Grains have shaped landscapes and civilisations for millennia, feeding both bodies and cultures. For thousands of years, they have been the foundation of human life, shaping societies through their cultivation, storage, and exchange. Yet today, much of grain farming prioritises maximum yield, focusing on efficiency at the expense of biodiversity and taste. Distancing us from the landscapes and ecosystems that we are part of and depend upon.

This work explores the potential of straw, a byproduct of grain farming, transforming it into materials that are both tactile and visually expressive. Using techniques such as tufting, felting, and weaving, the material samples suggest large-scale applications that reflect the surrounding local landscape. Each piece serves as a bridge between the natural world and human craft, drawing the field into our interiors and offering a tactile story of place.



The stable, as a space where the landscape momentarily comes indoors, serves as the inspiration for these works. It is a threshold—a meeting place of outside and inside, where grains and labour briefly rest before continuing their journey. The samples echo this liminal space, celebrating the cycles of growth and harvest while inviting a renewed connection to the land and its rhythms.

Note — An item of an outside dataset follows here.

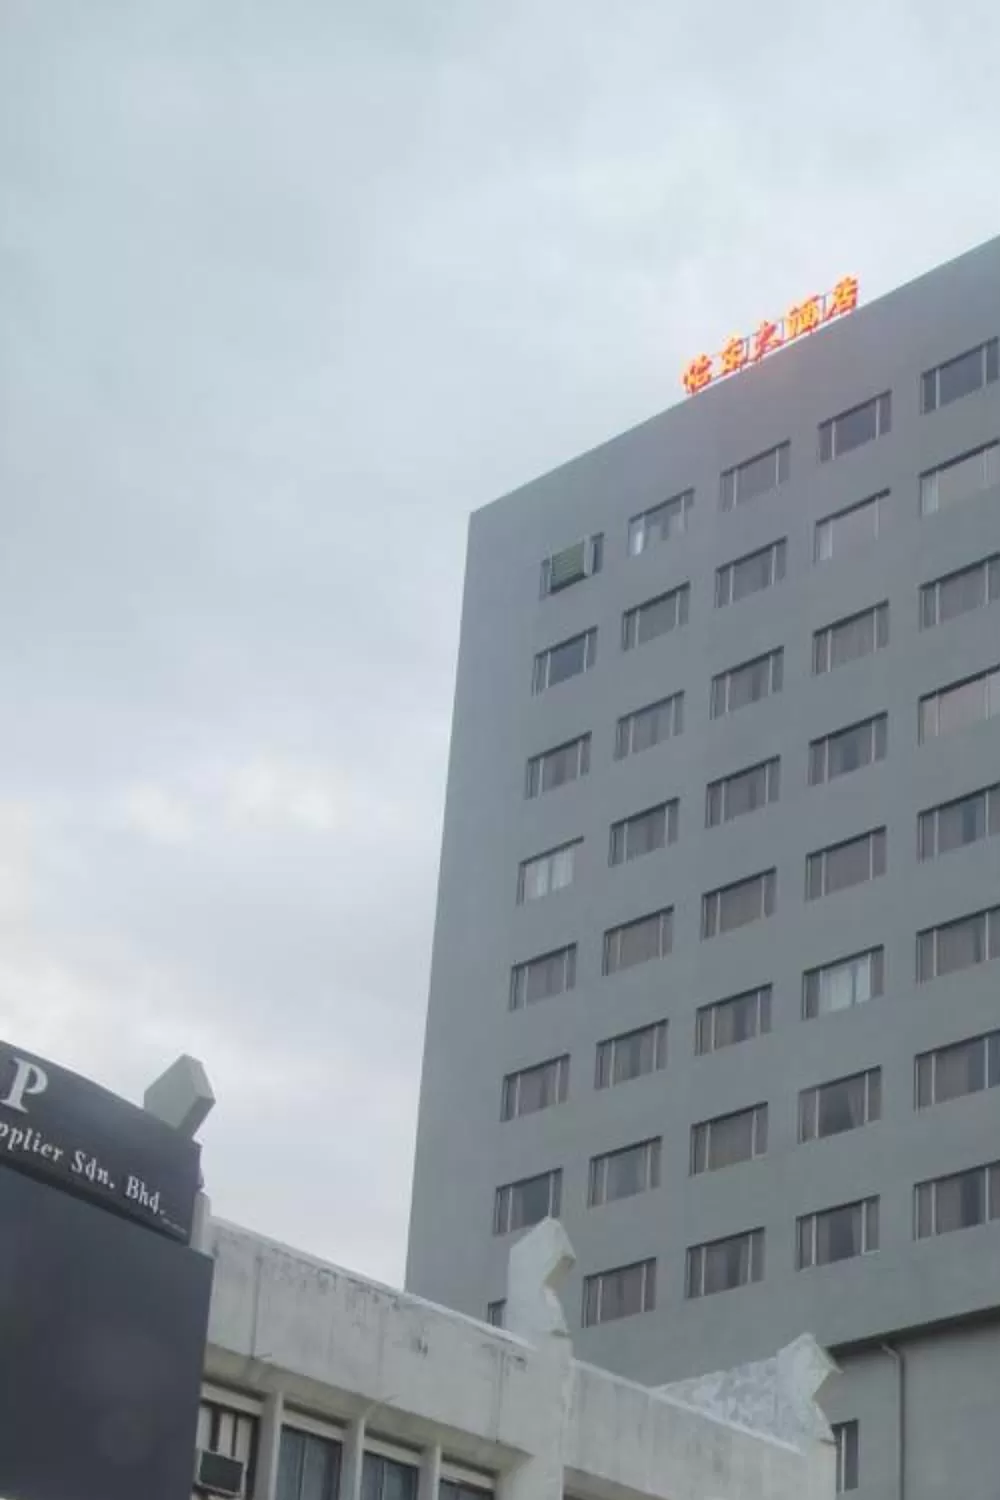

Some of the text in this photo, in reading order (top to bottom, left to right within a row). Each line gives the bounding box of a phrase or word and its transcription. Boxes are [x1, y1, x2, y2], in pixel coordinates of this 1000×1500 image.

This project emerged with an initiative in Flevoland, The Netherlands, a region renowned for its extensive grain cultivation. Traditionally focused on producing grain for livestock feed and selected for maximum yield, this initiative reimagines grains’ potential by developing a local grain chain centred on human consumption, with a focus on health, flavour, and sustainability. By incorporating overlooked byproducts like straw into design, the project examines how craft and agriculture intersect to create new, meaningful materials.

These samples are more than explorations in material; they are proposals for a future where landscapes, craft, and natural cycles shape the way we produce and consume. They invite us to see fields not as distant or utilitarian, but as integral to our lives and the objects we create.